START DATA PROVIDED

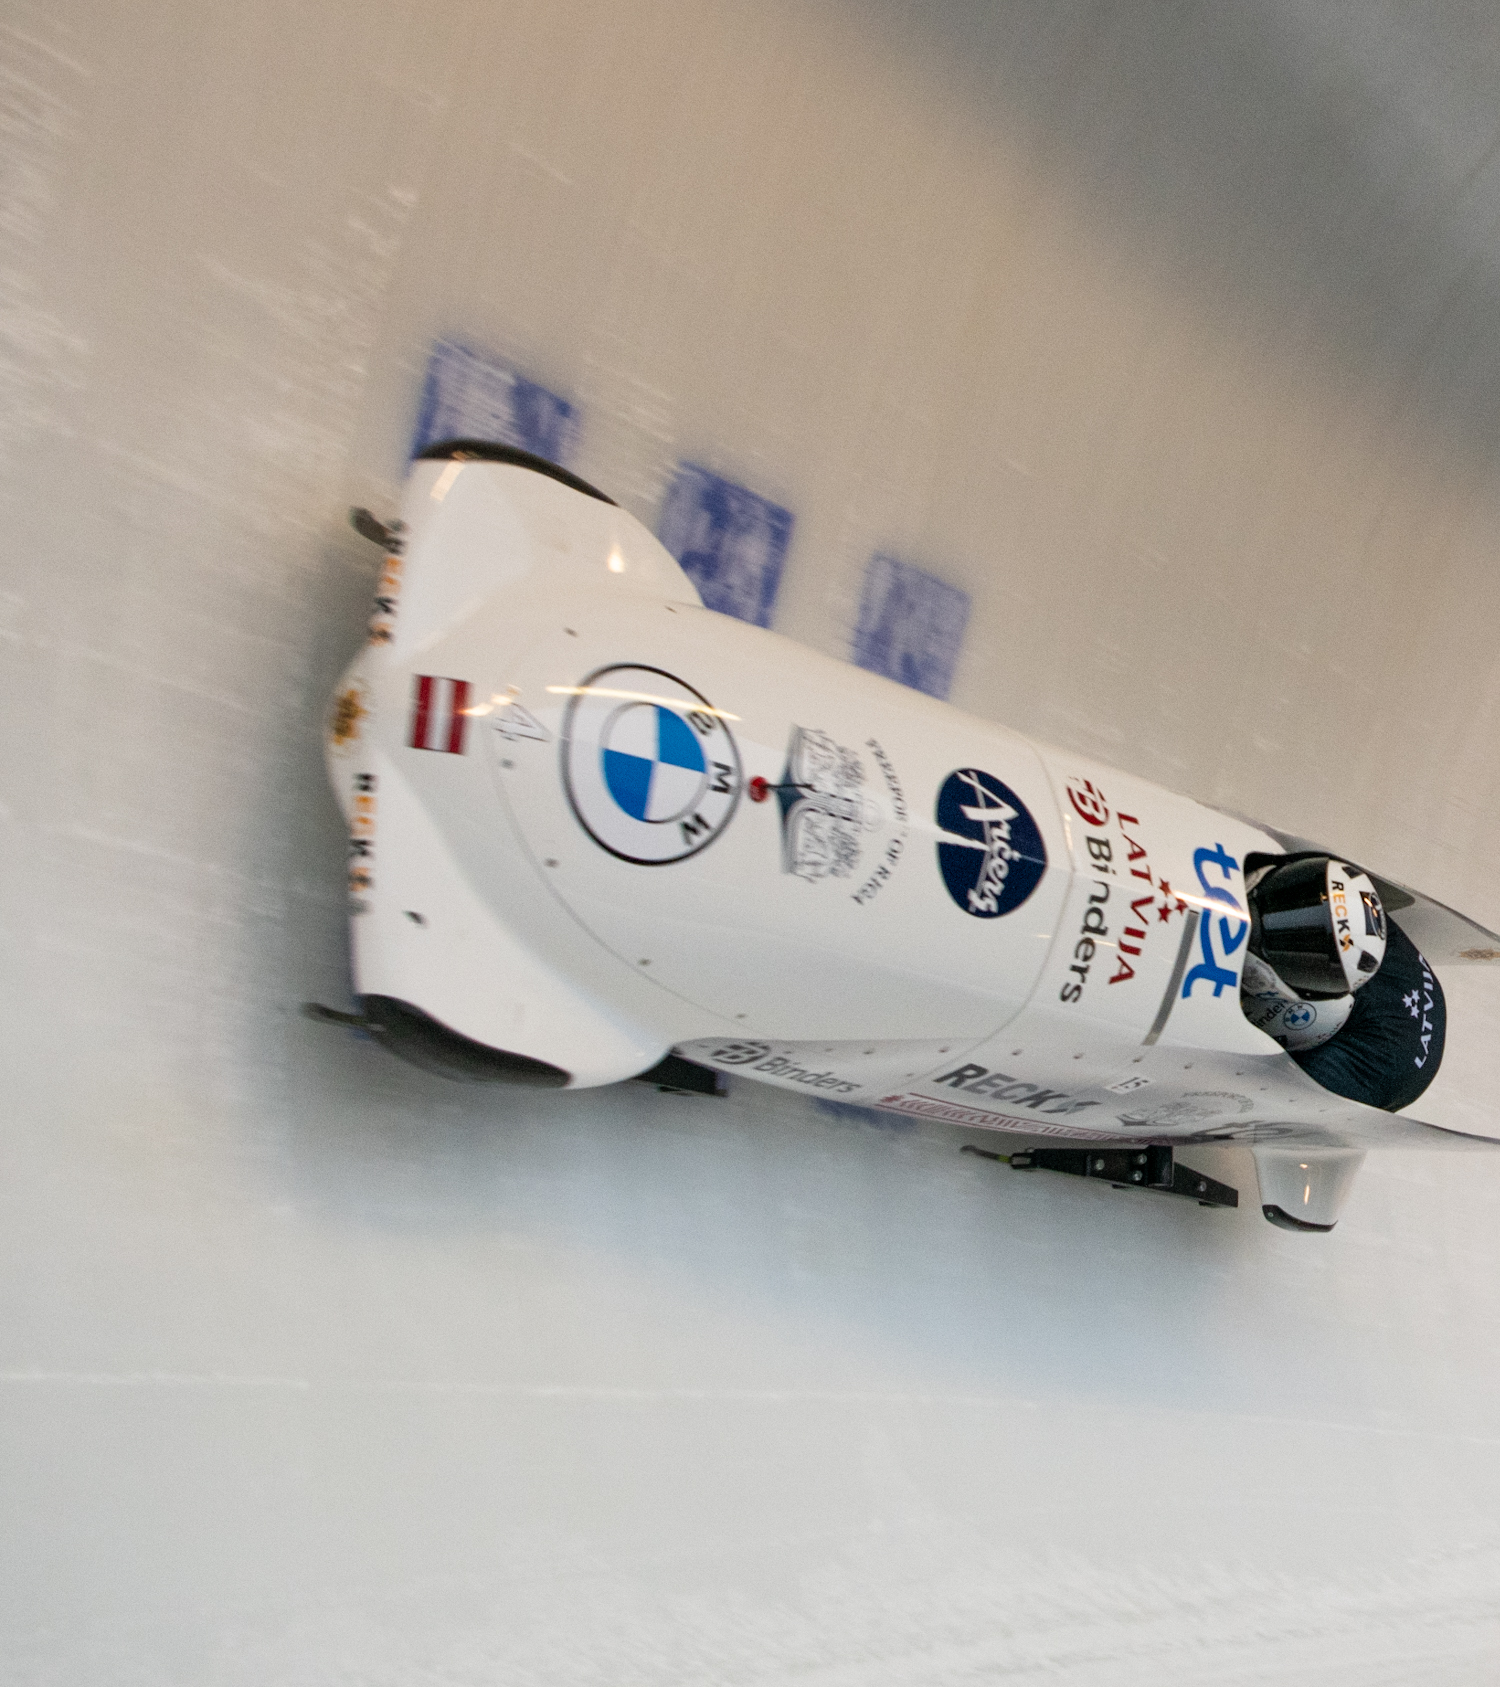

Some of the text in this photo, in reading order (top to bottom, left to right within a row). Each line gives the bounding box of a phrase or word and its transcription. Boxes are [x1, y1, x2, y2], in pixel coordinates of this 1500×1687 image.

[850, 864, 892, 906] RIGA
[1109, 812, 1155, 985] LATVIJA
[1331, 880, 1350, 934] RECK
[1059, 835, 1116, 1004] Binders
[1181, 842, 1250, 1000] tet
[753, 1056, 862, 1094] Binders
[932, 1063, 1065, 1111] RECK

END DATA PROVIDED

● PROBLEM
Set down the records exactly, without the pictures.

● ANSWER SECTION
Some of the text in this photo, in reading order (top to bottom, left to right within a row). Each line gives the bounding box of a phrase or word and its transcription. Boxes are [x1, y1, x2, y2], in pixel coordinates of this 1500×1687 image.

[850, 864, 892, 906] RIGA
[1109, 812, 1155, 985] LATVIJA
[1331, 880, 1350, 934] RECK
[1059, 835, 1116, 1004] Binders
[1181, 842, 1250, 1000] tet
[753, 1056, 862, 1094] Binders
[932, 1063, 1065, 1111] RECK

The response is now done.